While I sort of imagined fixed weapons auto converging on targets based on their range, I actually love the idea some people here had of being able to edit a sort of convergence distance while outfitting or in a menu somewhere in the cockpit, but not really during a fight. For example, you could set all your fixed weapons to shoot the same spot at 2 kilometers, but if something got closer you'd have convergence issues like we already do, and if something was further away, your lines of fire would awkwardly cross and cause other problems. This way you could have a fixed build be viable and quite scary at a specific range, but not be able to adjust for different ranges on the fly. Or perhaps you could adjust, but the weapons would take like 30 seconds to re position or something.
 
I'm actually kinda surprised by the number of people worried about throwing off the balance of weapons with something like this. The point of doing it would not be to make fixed weapons any stronger or give them more time on target like gimbals, but rather to give some ships a better choice of weapon loadouts. Some things come in fixed only (PA, rails) and thus you are limited to only one on certain ships simply because you can't set them to converge at any kind of reasonable distance.

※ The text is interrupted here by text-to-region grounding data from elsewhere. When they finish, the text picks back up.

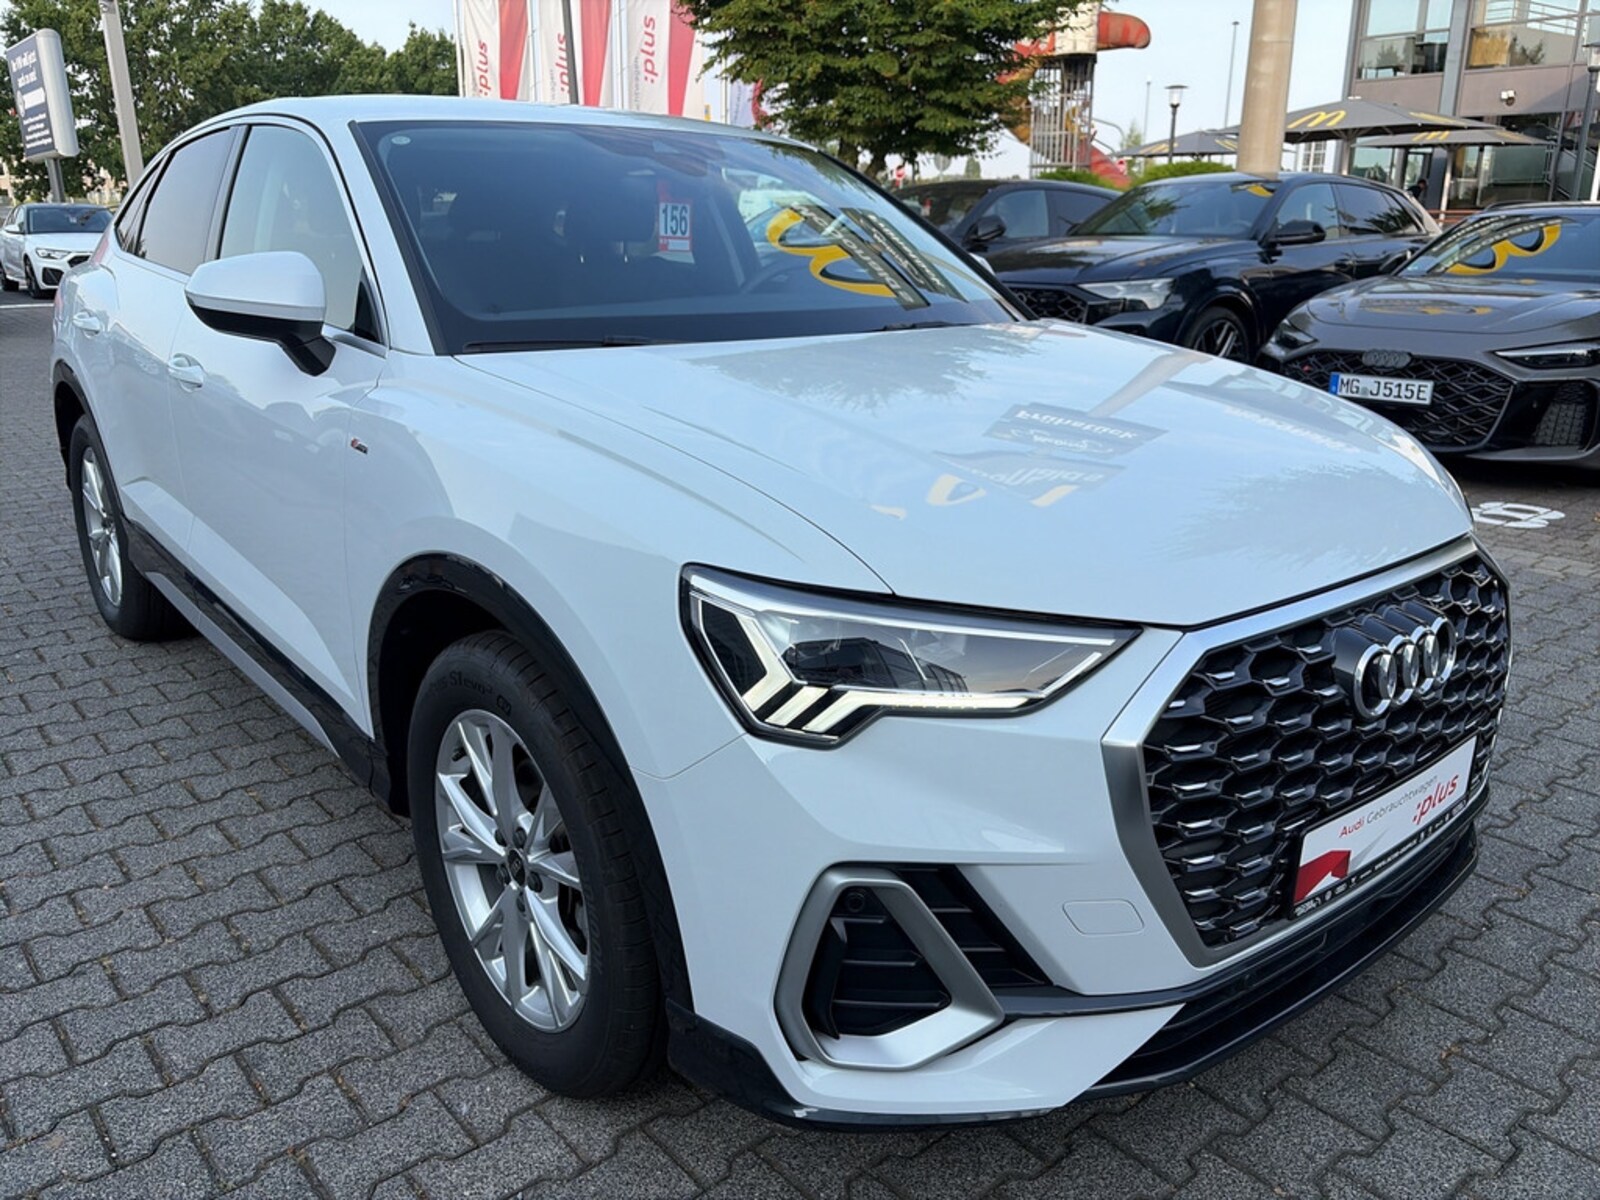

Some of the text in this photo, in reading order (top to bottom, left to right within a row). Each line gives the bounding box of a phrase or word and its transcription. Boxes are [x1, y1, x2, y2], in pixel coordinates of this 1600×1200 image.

[476, 40, 490, 97] :plus
[640, 15, 658, 84] :plus
[662, 203, 688, 236] 156
[1339, 377, 1429, 401] MG J515E
[1412, 774, 1460, 826] :plus
[1339, 815, 1366, 838] Audi

Now I get the argument that some ships are designed with better hardpoint placement in mind, and thus not all hardpoints are created equal. Sure, it could make sense that a military vessel would have more center-line placements than something like a Clipper (which lore-wise is kind of a luxury ship). But the thing is, military ships with central placements would *still* have the advantage since they would have a much greater window at which their fixed weapons could effectively hit, whereas even with a convergence setting in outfitting, the Clipper would have to try to maintain a very specific range. That is fine I think, it just adds to the depth of strategy for good pilots to master.

Basically, PA's and rails are awesome. All I really want is to be able to use them on ships that have wide hardpoints. There would still obviously be drawbacks to such a loadout, thus keeping things more or less balanced (or at least similar to the current meta).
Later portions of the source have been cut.